■ **REQUIRED WORK**
An exact, complete copy of the data that follows is needed.

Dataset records
_ _ _ _

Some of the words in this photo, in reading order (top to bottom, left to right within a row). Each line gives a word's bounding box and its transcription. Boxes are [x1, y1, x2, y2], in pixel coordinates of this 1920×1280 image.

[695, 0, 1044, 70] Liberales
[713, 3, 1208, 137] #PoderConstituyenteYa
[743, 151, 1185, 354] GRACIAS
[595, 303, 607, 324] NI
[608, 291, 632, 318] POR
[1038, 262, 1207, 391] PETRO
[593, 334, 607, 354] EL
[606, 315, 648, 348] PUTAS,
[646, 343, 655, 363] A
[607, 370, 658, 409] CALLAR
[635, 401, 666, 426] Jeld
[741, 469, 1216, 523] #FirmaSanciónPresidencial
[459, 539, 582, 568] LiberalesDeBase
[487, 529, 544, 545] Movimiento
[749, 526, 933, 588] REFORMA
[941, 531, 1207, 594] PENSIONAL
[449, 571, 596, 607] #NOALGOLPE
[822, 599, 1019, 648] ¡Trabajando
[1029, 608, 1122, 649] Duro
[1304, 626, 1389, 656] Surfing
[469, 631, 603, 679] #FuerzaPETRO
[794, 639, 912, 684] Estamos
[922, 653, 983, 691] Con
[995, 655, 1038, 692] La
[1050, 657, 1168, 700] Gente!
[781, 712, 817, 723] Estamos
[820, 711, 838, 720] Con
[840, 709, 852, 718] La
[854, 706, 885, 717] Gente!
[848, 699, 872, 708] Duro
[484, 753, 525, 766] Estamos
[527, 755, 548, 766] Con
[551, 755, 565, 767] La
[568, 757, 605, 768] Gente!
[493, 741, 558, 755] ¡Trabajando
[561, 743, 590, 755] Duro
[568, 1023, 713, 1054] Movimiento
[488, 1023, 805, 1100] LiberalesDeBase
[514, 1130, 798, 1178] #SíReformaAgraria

_ _ _ _

■ **TASK RESPONSE**
Some of the words in this photo, in reading order (top to bottom, left to right within a row). Each line gives a word's bounding box and its transcription. Boxes are [x1, y1, x2, y2], in pixel coordinates of this 1920×1280 image.

[695, 0, 1044, 70] Liberales
[713, 3, 1208, 137] #PoderConstituyenteYa
[743, 151, 1185, 354] GRACIAS
[595, 303, 607, 324] NI
[608, 291, 632, 318] POR
[1038, 262, 1207, 391] PETRO
[593, 334, 607, 354] EL
[606, 315, 648, 348] PUTAS,
[646, 343, 655, 363] A
[607, 370, 658, 409] CALLAR
[635, 401, 666, 426] Jeld
[741, 469, 1216, 523] #FirmaSanciónPresidencial
[459, 539, 582, 568] LiberalesDeBase
[487, 529, 544, 545] Movimiento
[749, 526, 933, 588] REFORMA
[941, 531, 1207, 594] PENSIONAL
[449, 571, 596, 607] #NOALGOLPE
[822, 599, 1019, 648] ¡Trabajando
[1029, 608, 1122, 649] Duro
[1304, 626, 1389, 656] Surfing
[469, 631, 603, 679] #FuerzaPETRO
[794, 639, 912, 684] Estamos
[922, 653, 983, 691] Con
[995, 655, 1038, 692] La
[1050, 657, 1168, 700] Gente!
[781, 712, 817, 723] Estamos
[820, 711, 838, 720] Con
[840, 709, 852, 718] La
[854, 706, 885, 717] Gente!
[848, 699, 872, 708] Duro
[484, 753, 525, 766] Estamos
[527, 755, 548, 766] Con
[551, 755, 565, 767] La
[568, 757, 605, 768] Gente!
[493, 741, 558, 755] ¡Trabajando
[561, 743, 590, 755] Duro
[568, 1023, 713, 1054] Movimiento
[488, 1023, 805, 1100] LiberalesDeBase
[514, 1130, 798, 1178] #SíReformaAgraria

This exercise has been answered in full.